───── AVAILABLE RECORDS

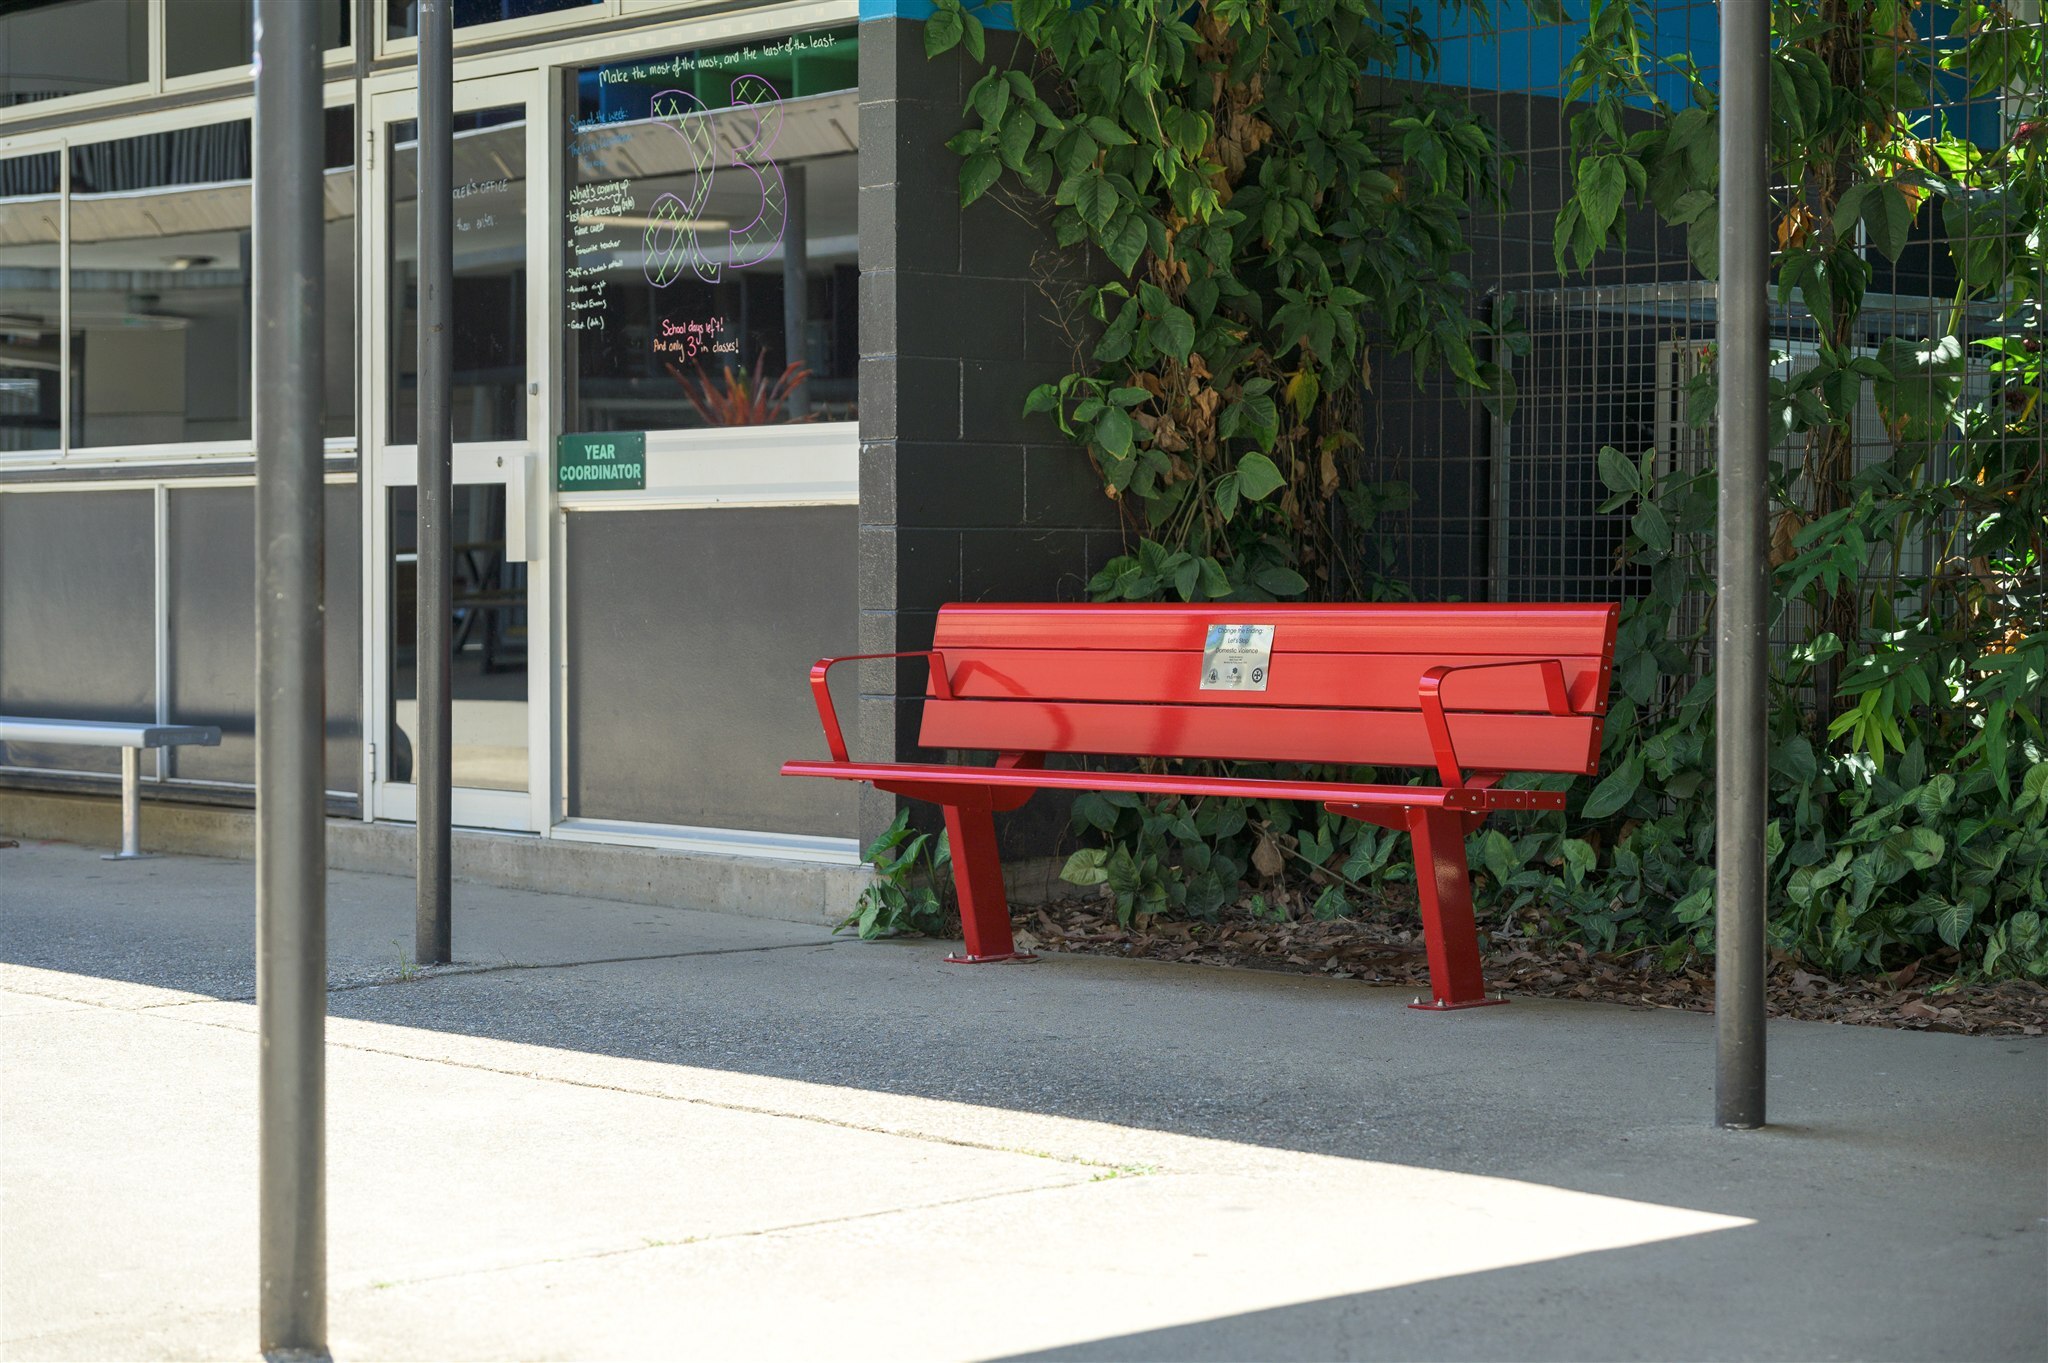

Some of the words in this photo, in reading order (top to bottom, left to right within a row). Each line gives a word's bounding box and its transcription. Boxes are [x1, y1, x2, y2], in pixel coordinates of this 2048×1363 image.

[599, 69, 629, 87] Make
[632, 66, 647, 80] the
[650, 62, 670, 76] most
[672, 56, 681, 78] of
[681, 56, 695, 70] the
[723, 51, 739, 65] and
[743, 47, 757, 61] the
[763, 42, 783, 56] least
[784, 37, 794, 55] of
[793, 39, 808, 51] the
[809, 33, 837, 48] least.
[480, 178, 508, 194] OFFICE
[570, 183, 596, 201] What's
[596, 179, 621, 204] coming
[594, 206, 610, 216] dress
[611, 204, 622, 217] day
[600, 239, 621, 249] teacher
[662, 318, 686, 336] School
[688, 320, 704, 345] days
[705, 316, 724, 339] left!
[653, 338, 666, 353] And
[668, 339, 685, 363] only
[687, 335, 697, 357] 3
[700, 342, 709, 353] in
[712, 337, 739, 354] classes!
[584, 443, 616, 460] YEAR
[559, 463, 641, 481] COORDINATOR
[1217, 627, 1237, 635] Change

──────────

■ WORK INSTRUCTIONS: Every line above goes into the copy unchanged; the pictures do not.

■ RESULT BELOW:
Some of the words in this photo, in reading order (top to bottom, left to right within a row). Each line gives a word's bounding box and its transcription. Boxes are [x1, y1, x2, y2], in pixel coordinates of this 2048×1363 image.

[599, 69, 629, 87] Make
[632, 66, 647, 80] the
[650, 62, 670, 76] most
[672, 56, 681, 78] of
[681, 56, 695, 70] the
[723, 51, 739, 65] and
[743, 47, 757, 61] the
[763, 42, 783, 56] least
[784, 37, 794, 55] of
[793, 39, 808, 51] the
[809, 33, 837, 48] least.
[480, 178, 508, 194] OFFICE
[570, 183, 596, 201] What's
[596, 179, 621, 204] coming
[594, 206, 610, 216] dress
[611, 204, 622, 217] day
[600, 239, 621, 249] teacher
[662, 318, 686, 336] School
[688, 320, 704, 345] days
[705, 316, 724, 339] left!
[653, 338, 666, 353] And
[668, 339, 685, 363] only
[687, 335, 697, 357] 3
[700, 342, 709, 353] in
[712, 337, 739, 354] classes!
[584, 443, 616, 460] YEAR
[559, 463, 641, 481] COORDINATOR
[1217, 627, 1237, 635] Change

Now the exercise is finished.